Movies often tend to become products of filmmakers who are stuck in echo chambers, refusing to look beyond and above their own fascinations and perspectives. Guhan Senniappan’s superhero film Weapon is the latest testimony to that. Despite all the fuss behind Marvel and DC’s poor show in the last five years; despite how some Hollywood productions have popularly managed to deal with growing superhero fatigue; despite previous attempts in Tamil cinema teaching us the perils of not rooting the story to the milieu; and even with an Indian title like Minnal Murali breaking formulas, we have Weapon, a two-hour showreel of done-to-dust superhero tropes that comes across more like a child’s make-believe story with action-figures.

From start to finish, the film lacks any sense of flow but just the first 30 minutes should tell you how trite the ideas are, and how messy screenwriting could get. In Weapon, the superpowers come from a superhero serum (akin to the one in Captain America) that was stolen from the Nazis by an Indian soldier during Netaji Subhash Chandrabose’s meeting with Hitler in 1942. When the Swastika brigade comes to India to retrieve their prized possession, the soldier injects it into his son, Mithran, who grows up to become a superhuman (Sathyaraj) with superhuman strength, telekinesis, and telepathy.

Weapon (Tamil)

Director: Guhan Senniappan

Cast: Sathyaraj, Vasanth Ravi, Tanya Hope, Rajiv Menon

Runtime: 120 minutes

Storyline: A youtuber searching for a myserious superhuman crosses paths with a secret society headed by a supervillain

But in the grand scheme of things in the world of Weapon, Mithran is a mere cog in the wheel. In the present day, a blast at a Neutrino power plant spools out many interconnected subplots, one no better than the other and with characters as shallow as it can get. We have Agni (Vasanth Ravi), a YouTuber chasing after superheroes to use them for ecological preservation. Then there’s the Black Society 9, a Hydra-like organisation that controls the Indian economy, headed by Dev Krishnav a.k.a DK (Rajiv Menon); he’s a Lex Luthor figure with the intellect of Kingpin, who uses children to illegally test his Limb Regeneration serum taken from lizards (The speed with which these limbs grow would put Marvel characters Deadpool and Lizard to shame). Oh, did I mention a beefed-up assassin named Solomon who gets blackmailed to go on a final mission?

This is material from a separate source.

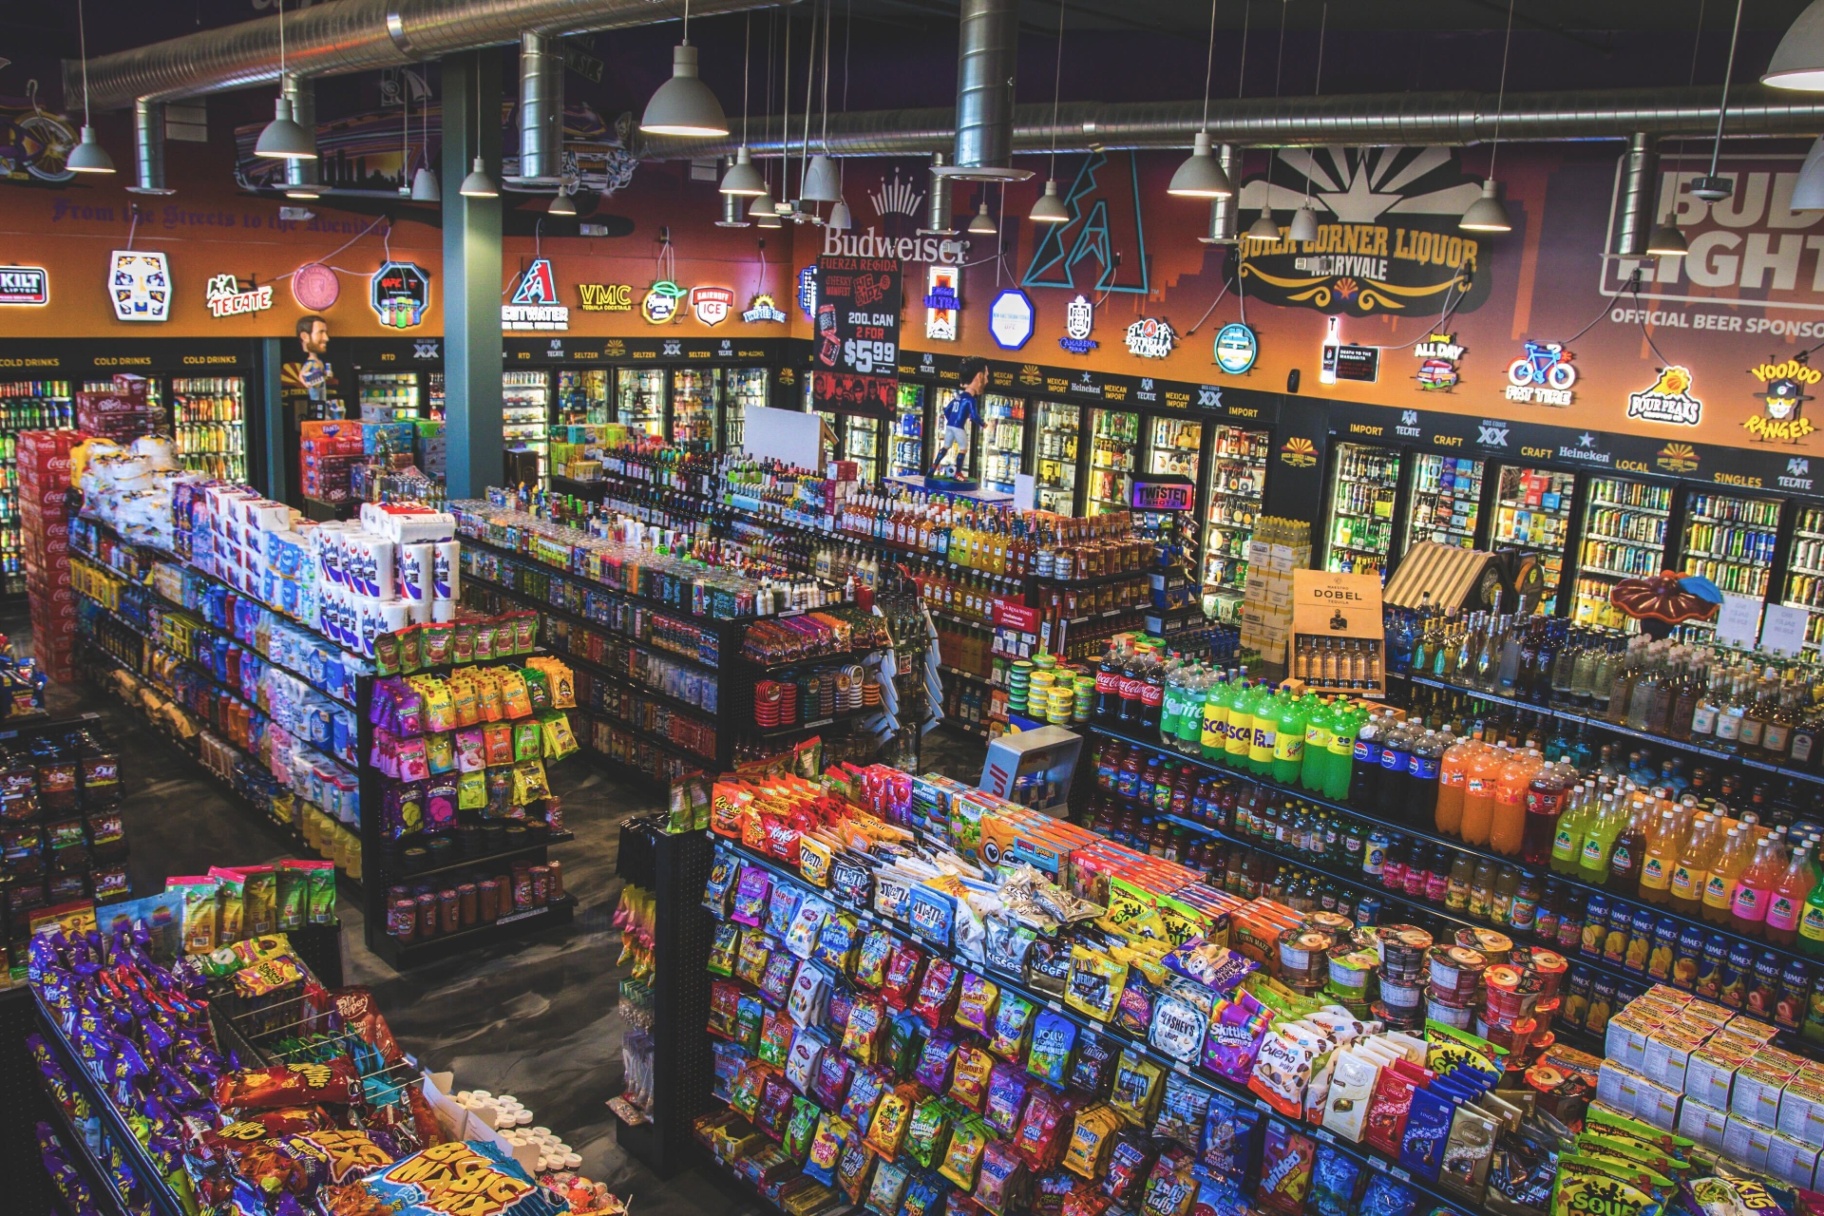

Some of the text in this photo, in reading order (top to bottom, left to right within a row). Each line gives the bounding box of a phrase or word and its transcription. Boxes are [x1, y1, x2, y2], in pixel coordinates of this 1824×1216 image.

Also getting screen time is a rag-tag team of assassins, the concept of “Kundalini energy”, the aura that humans apparently possess, glowing bees-like flying devices, and a Cyborg-esque lead to a sequel. Phew!

A still from ‘Weapon’

A still from ‘Weapon’
| Photo Credit:
Special Arrangement

And none of these characters or ideas manage to register in this hotch-potch mess. Even veteran actor Sathyaraj gets the raw end of the deal. Having a superpower that demands minimal action ensures that the 69-year-old Sathyaraj looks as formidable as this Logan-meets-Professor X-meets-Jean Grey figure. But he’s hamstrung in a plot that uses him only as a showpiece to centre the plot around. If there was any scope for an emotional investment in the story, it was in the pathos that birthed it all — how Mithran grew up to be — but using slideshows of shoddy-looking AI-generated images adds a certain plasticity.

Now, while all this signals a poorly-written screenplay, what makes watching the film a more testing exercise is its editing, conception of scenes, and staging. In a pivotal scene, a child crossing a road is saved by a ‘mysterious figure’ from a recklessly driven lorry; in the plot, it is meant to birth pivotal surveillance footage evidence of superhumans. If the scene instantly reminds you of Christopher Reeve’s Superman or Sam Raimi’s Spiderman, you know how the fundamental idea of superheroes came to be in pop culture. And just the writing, execution, and editing of this scene — and the way the surveillance footage is shot — should tell you that while Guhan might be a fan of superhero cinema, the filmmaker in him with a zeal to make superhero content needs to step out of his filter bubble and explore. For now, on Marvel’s Earth-1218 and DC’s Earth 33, his film remains a forgettable misfire which none of his superhumans manage to save.